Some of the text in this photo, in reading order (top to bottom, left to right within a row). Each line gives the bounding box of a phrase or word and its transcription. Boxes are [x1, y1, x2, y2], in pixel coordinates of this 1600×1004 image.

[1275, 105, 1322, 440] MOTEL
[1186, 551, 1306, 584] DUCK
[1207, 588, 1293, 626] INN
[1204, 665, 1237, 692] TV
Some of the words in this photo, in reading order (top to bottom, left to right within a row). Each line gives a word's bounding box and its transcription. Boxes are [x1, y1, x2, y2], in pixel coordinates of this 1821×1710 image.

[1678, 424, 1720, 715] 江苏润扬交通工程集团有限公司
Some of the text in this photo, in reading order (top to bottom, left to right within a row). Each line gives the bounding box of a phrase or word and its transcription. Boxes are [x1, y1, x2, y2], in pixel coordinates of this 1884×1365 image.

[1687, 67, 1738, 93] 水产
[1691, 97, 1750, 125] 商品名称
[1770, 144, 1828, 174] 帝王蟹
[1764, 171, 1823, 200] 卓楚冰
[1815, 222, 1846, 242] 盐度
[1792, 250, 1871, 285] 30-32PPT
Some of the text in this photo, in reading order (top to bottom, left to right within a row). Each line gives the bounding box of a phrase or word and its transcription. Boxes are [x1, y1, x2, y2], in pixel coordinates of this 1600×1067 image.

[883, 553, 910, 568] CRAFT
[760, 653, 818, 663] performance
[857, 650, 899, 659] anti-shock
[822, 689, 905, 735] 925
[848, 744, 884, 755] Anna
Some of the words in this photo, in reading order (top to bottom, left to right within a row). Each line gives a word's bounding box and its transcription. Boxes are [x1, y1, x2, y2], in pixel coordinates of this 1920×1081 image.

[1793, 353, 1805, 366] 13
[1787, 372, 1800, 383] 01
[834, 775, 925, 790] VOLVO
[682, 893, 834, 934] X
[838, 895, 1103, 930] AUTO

********

> Description of the task
Write out again every entry above, exactly as given.

> Solution to this exercise
Some of the text in this photo, in reading order (top to bottom, left to right within a row). Each line gives the bounding box of a phrase or word and its transcription. Boxes are [x1, y1, x2, y2], in pixel coordinates of this 1600×1004 image.

[1275, 105, 1322, 440] MOTEL
[1186, 551, 1306, 584] DUCK
[1207, 588, 1293, 626] INN
[1204, 665, 1237, 692] TV
Some of the words in this photo, in reading order (top to bottom, left to right within a row). Each line gives a word's bounding box and its transcription. Boxes are [x1, y1, x2, y2], in pixel coordinates of this 1821×1710 image.

[1678, 424, 1720, 715] 江苏润扬交通工程集团有限公司
Some of the text in this photo, in reading order (top to bottom, left to right within a row). Each line gives the bounding box of a phrase or word and its transcription. Boxes are [x1, y1, x2, y2], in pixel coordinates of this 1884×1365 image.

[1687, 67, 1738, 93] 水产
[1691, 97, 1750, 125] 商品名称
[1770, 144, 1828, 174] 帝王蟹
[1764, 171, 1823, 200] 卓楚冰
[1815, 222, 1846, 242] 盐度
[1792, 250, 1871, 285] 30-32PPT
Some of the text in this photo, in reading order (top to bottom, left to right within a row). Each line gives the bounding box of a phrase or word and its transcription. Boxes are [x1, y1, x2, y2], in pixel coordinates of this 1600×1067 image.

[883, 553, 910, 568] CRAFT
[760, 653, 818, 663] performance
[857, 650, 899, 659] anti-shock
[822, 689, 905, 735] 925
[848, 744, 884, 755] Anna
Some of the words in this photo, in reading order (top to bottom, left to right within a row). Each line gives a word's bounding box and its transcription. Boxes are [x1, y1, x2, y2], in pixel coordinates of this 1920×1081 image.

[1793, 353, 1805, 366] 13
[1787, 372, 1800, 383] 01
[834, 775, 925, 790] VOLVO
[682, 893, 834, 934] X
[838, 895, 1103, 930] AUTO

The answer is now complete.